● WHAT IS REQUIRED: Take the line containing "Some of the text" and every line below it through the end of the entries, and output them verbatim, pictures excluded.

┌─ DATA SECTION

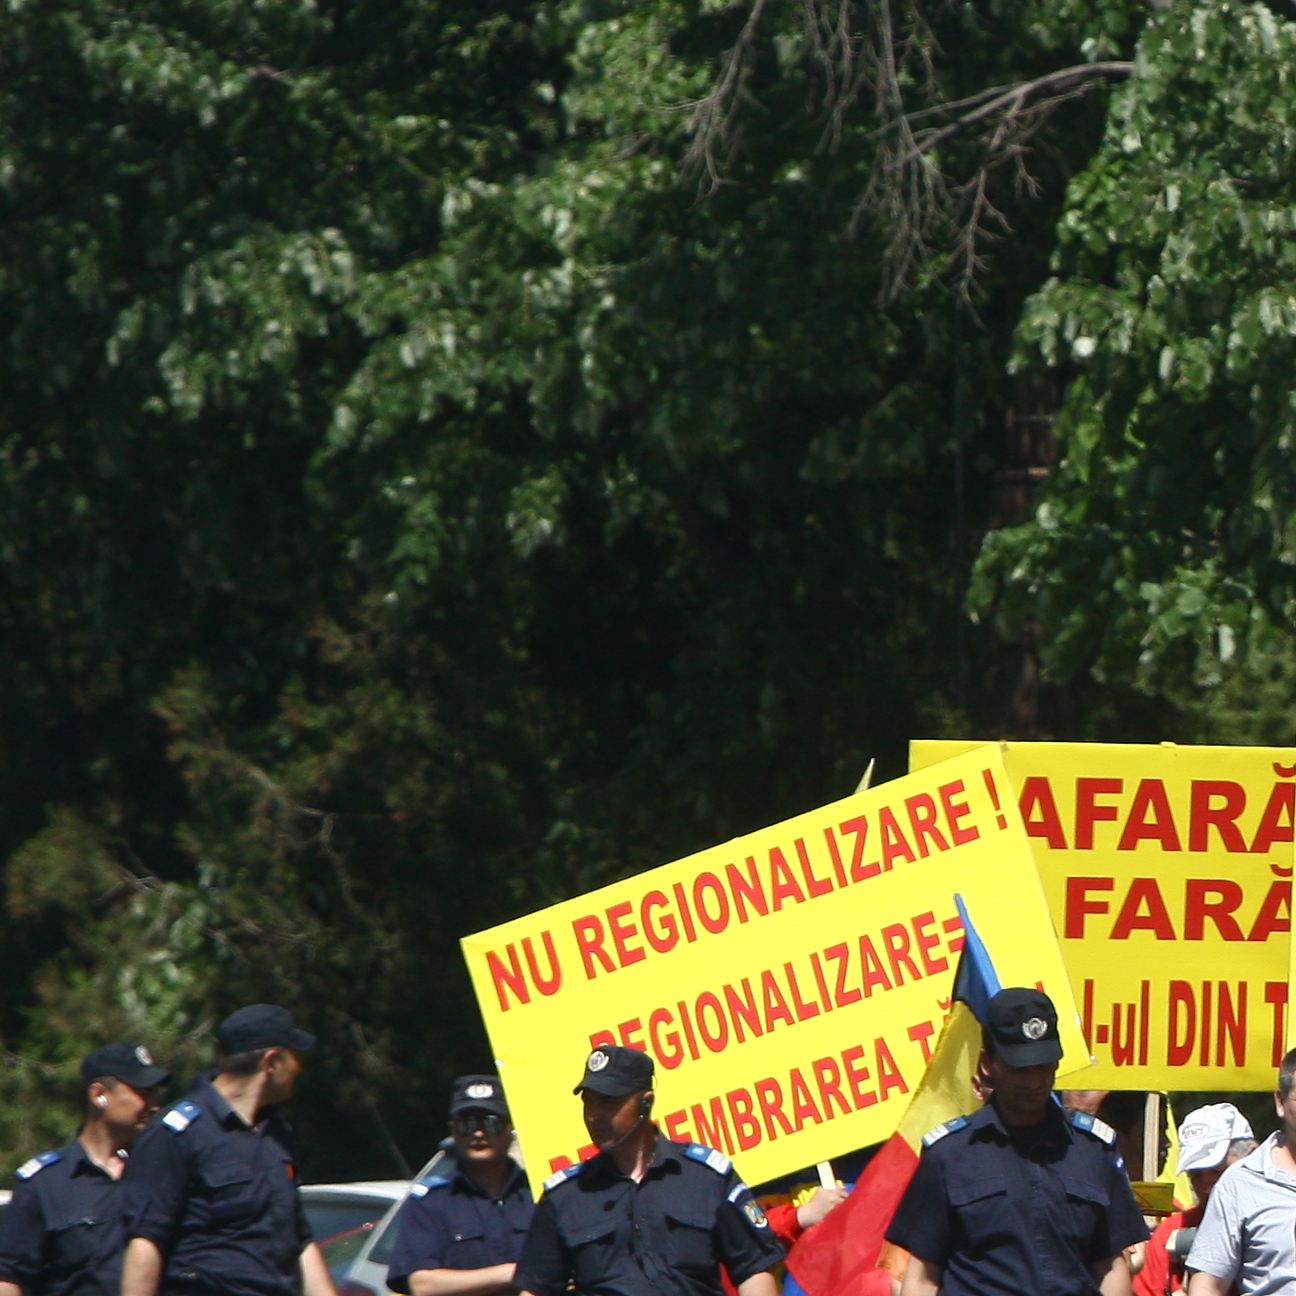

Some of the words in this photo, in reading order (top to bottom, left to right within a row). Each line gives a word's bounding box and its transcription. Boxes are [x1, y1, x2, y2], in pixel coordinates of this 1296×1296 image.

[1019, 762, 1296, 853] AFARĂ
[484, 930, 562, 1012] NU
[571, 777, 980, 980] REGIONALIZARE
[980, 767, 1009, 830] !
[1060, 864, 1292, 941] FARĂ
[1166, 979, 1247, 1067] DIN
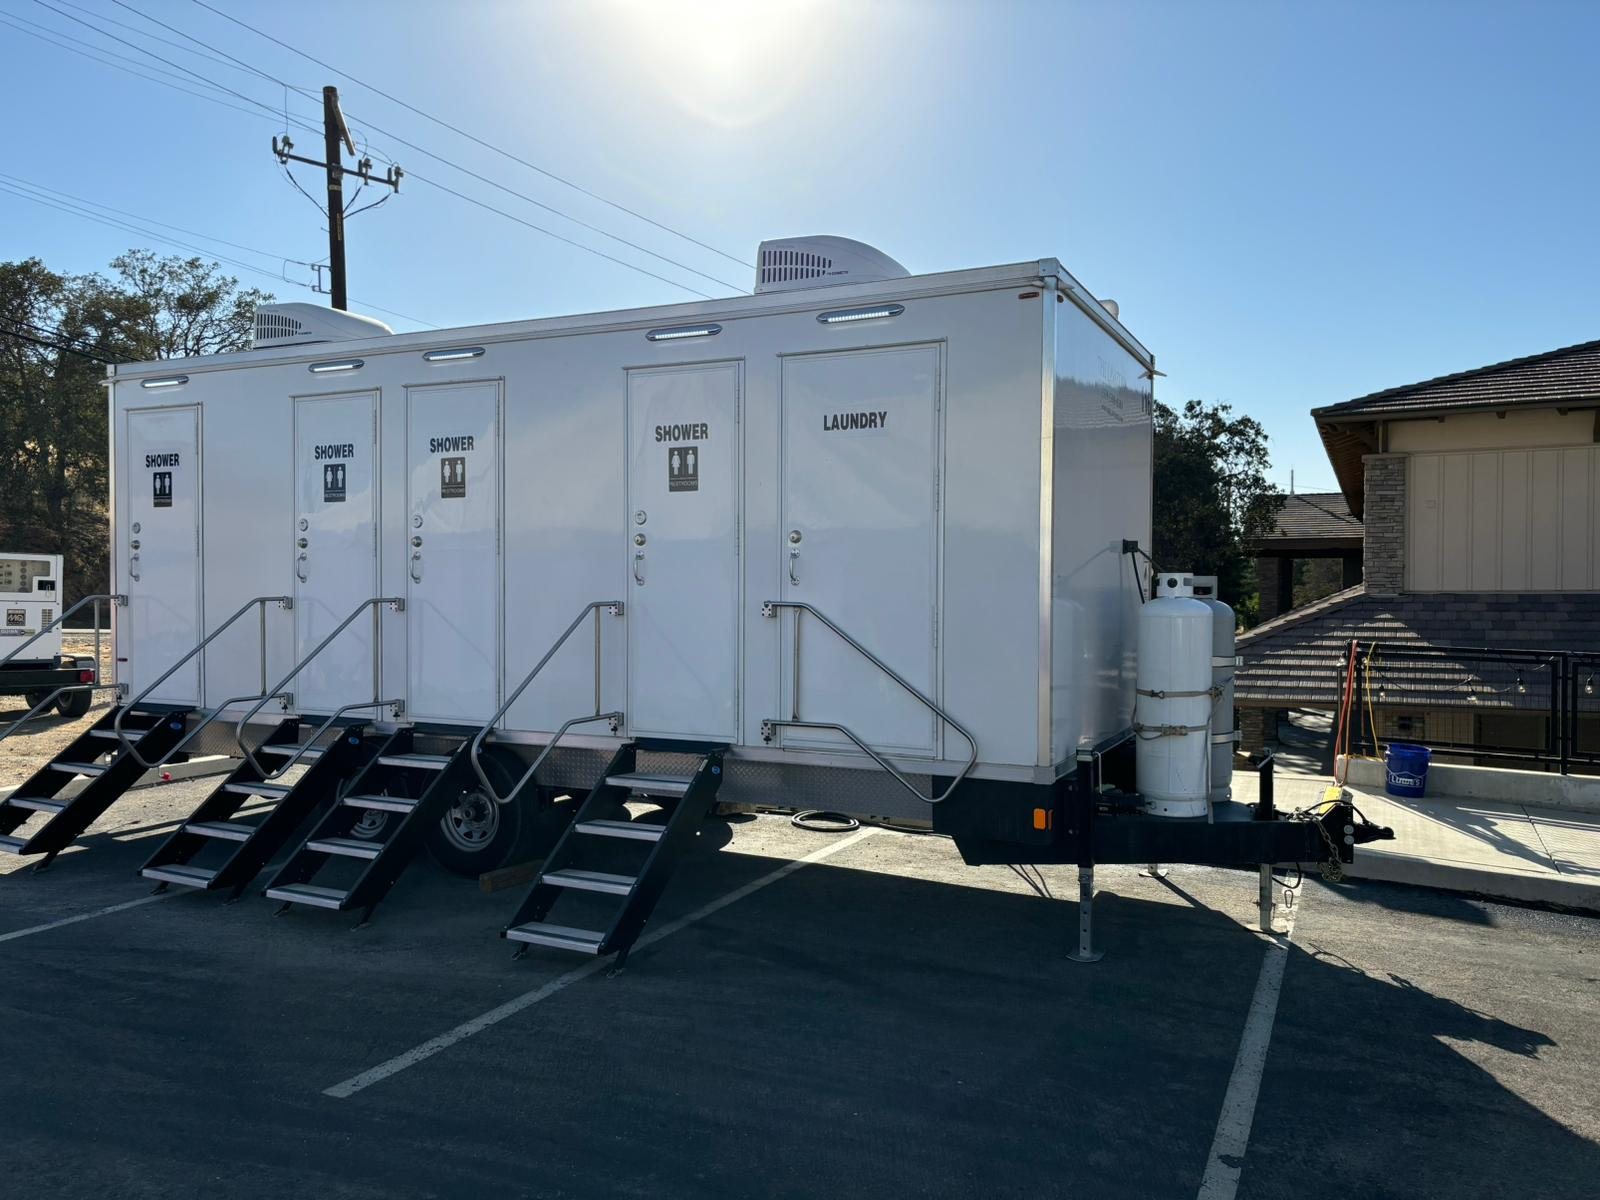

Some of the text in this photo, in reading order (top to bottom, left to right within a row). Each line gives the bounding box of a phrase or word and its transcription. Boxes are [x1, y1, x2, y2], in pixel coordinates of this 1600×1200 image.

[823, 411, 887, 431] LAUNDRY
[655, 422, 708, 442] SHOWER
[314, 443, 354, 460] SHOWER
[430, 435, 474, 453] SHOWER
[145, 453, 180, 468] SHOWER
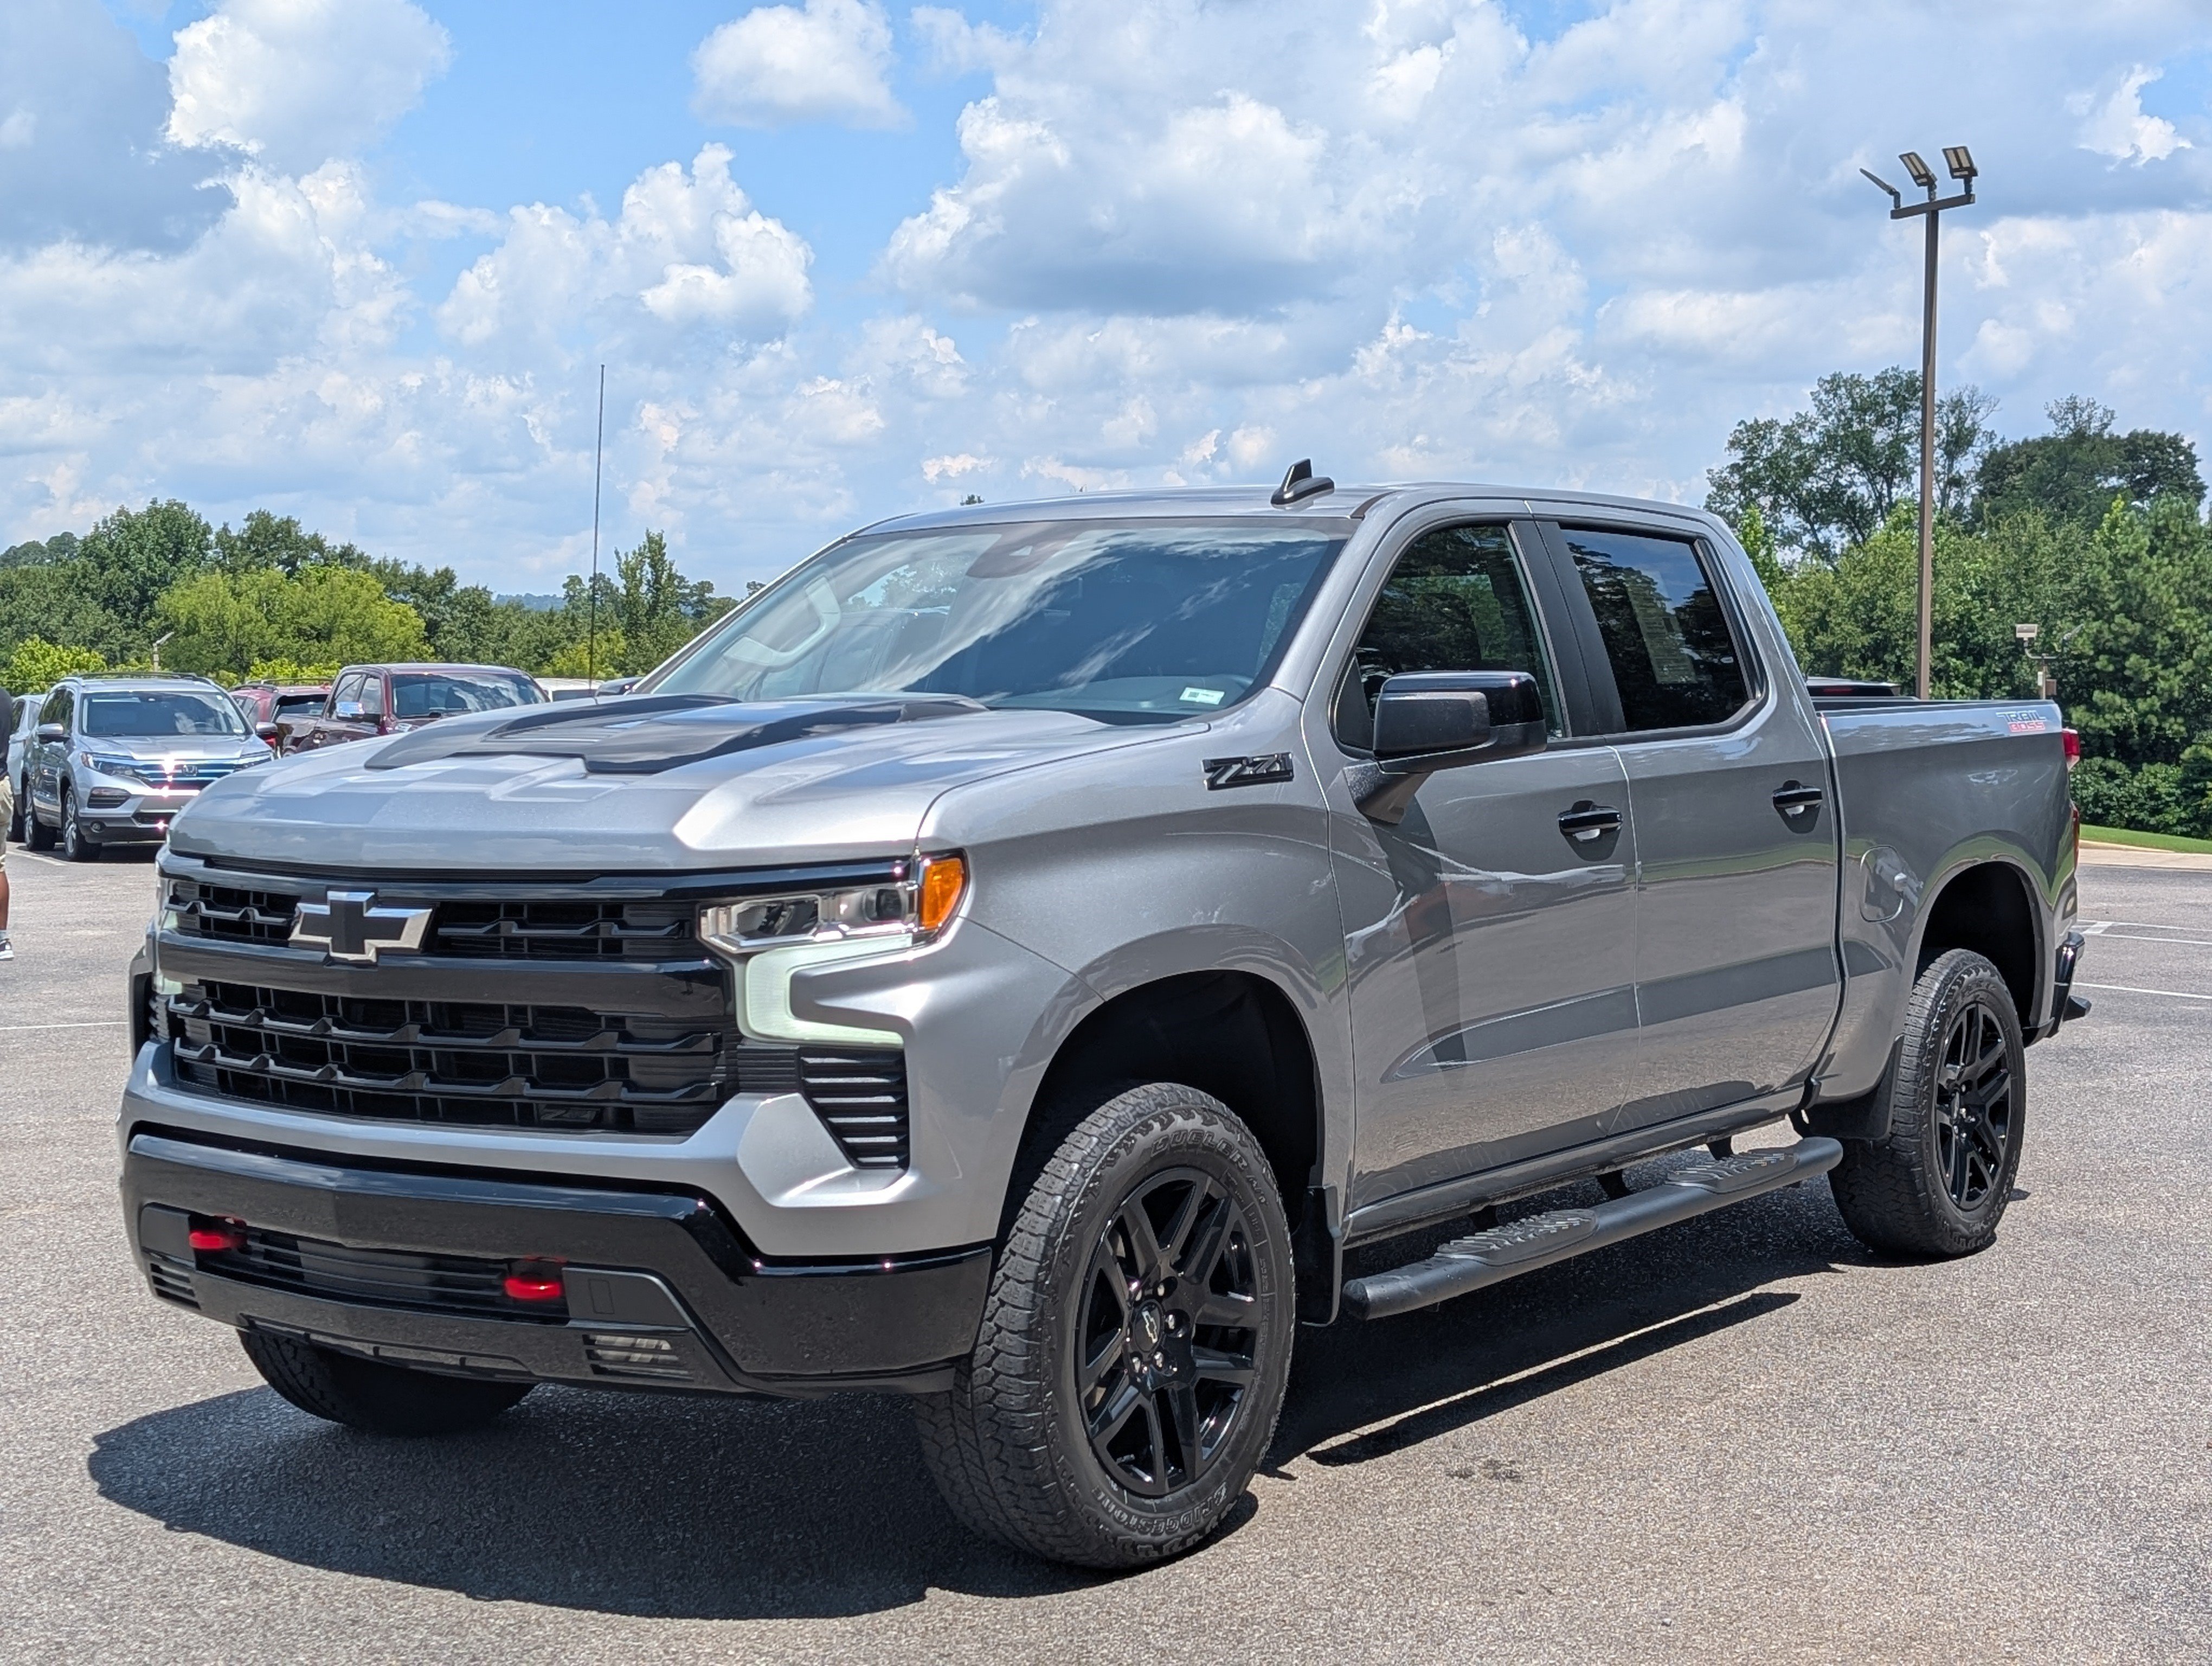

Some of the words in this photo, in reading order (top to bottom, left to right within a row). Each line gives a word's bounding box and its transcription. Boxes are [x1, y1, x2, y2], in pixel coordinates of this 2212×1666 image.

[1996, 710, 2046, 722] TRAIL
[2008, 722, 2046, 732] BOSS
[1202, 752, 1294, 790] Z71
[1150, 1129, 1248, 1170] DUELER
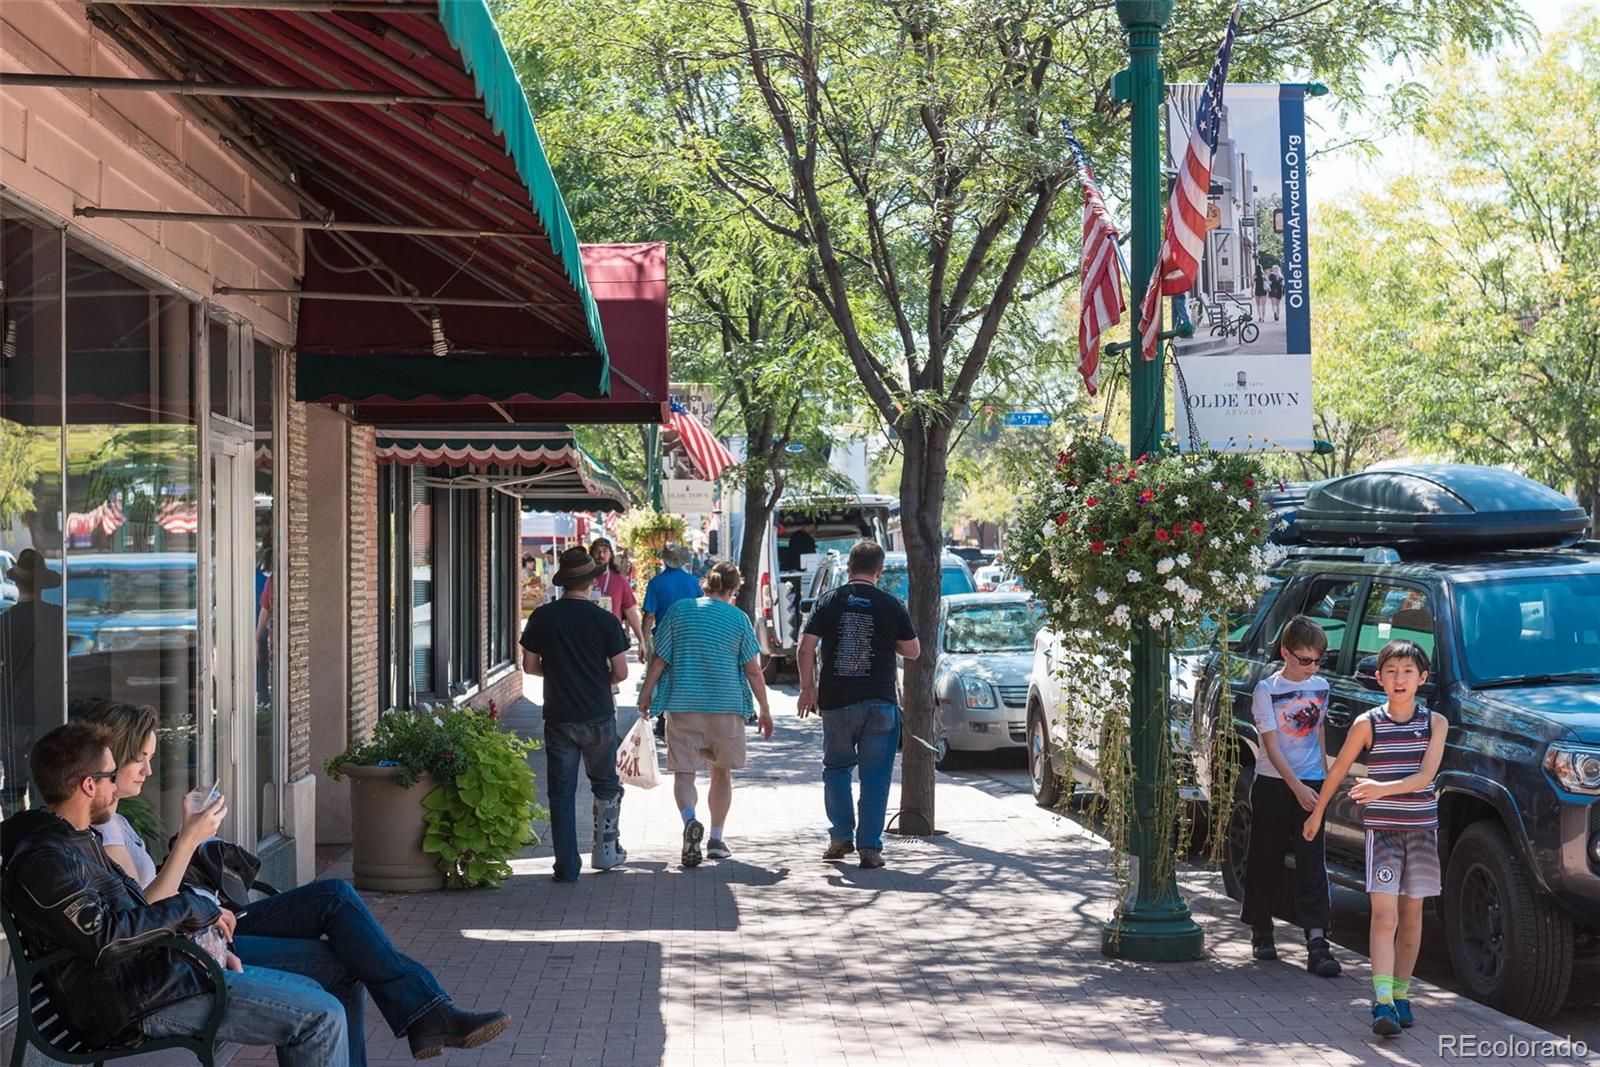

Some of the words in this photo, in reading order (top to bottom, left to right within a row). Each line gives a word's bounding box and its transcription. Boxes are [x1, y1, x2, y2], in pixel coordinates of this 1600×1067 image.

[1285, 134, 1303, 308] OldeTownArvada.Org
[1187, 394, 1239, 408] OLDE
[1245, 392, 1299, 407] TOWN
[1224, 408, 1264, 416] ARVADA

└─

● TASK RESPONSE:
Some of the text in this photo, in reading order (top to bottom, left to right within a row). Each line gives the bounding box of a phrase or word and its transcription. Boxes are [x1, y1, x2, y2], in pixel coordinates of this 1600×1200 image.

[823, 411, 887, 431] LAUNDRY
[655, 422, 708, 442] SHOWER
[314, 443, 354, 460] SHOWER
[430, 435, 474, 453] SHOWER
[145, 453, 180, 468] SHOWER

Some of the words in this photo, in reading order (top to bottom, left to right within a row). Each line gives a word's bounding box and its transcription. Boxes are [x1, y1, x2, y2], in pixel coordinates of this 2212×1666 image.

[1996, 710, 2046, 722] TRAIL
[2008, 722, 2046, 732] BOSS
[1202, 752, 1294, 790] Z71
[1150, 1129, 1248, 1170] DUELER

Some of the words in this photo, in reading order (top to bottom, left to right within a row). Each line gives a word's bounding box and its transcription. Boxes are [x1, y1, x2, y2], in pixel coordinates of this 1600×1067 image.

[1285, 134, 1303, 308] OldeTownArvada.Org
[1187, 394, 1239, 408] OLDE
[1245, 392, 1299, 407] TOWN
[1224, 408, 1264, 416] ARVADA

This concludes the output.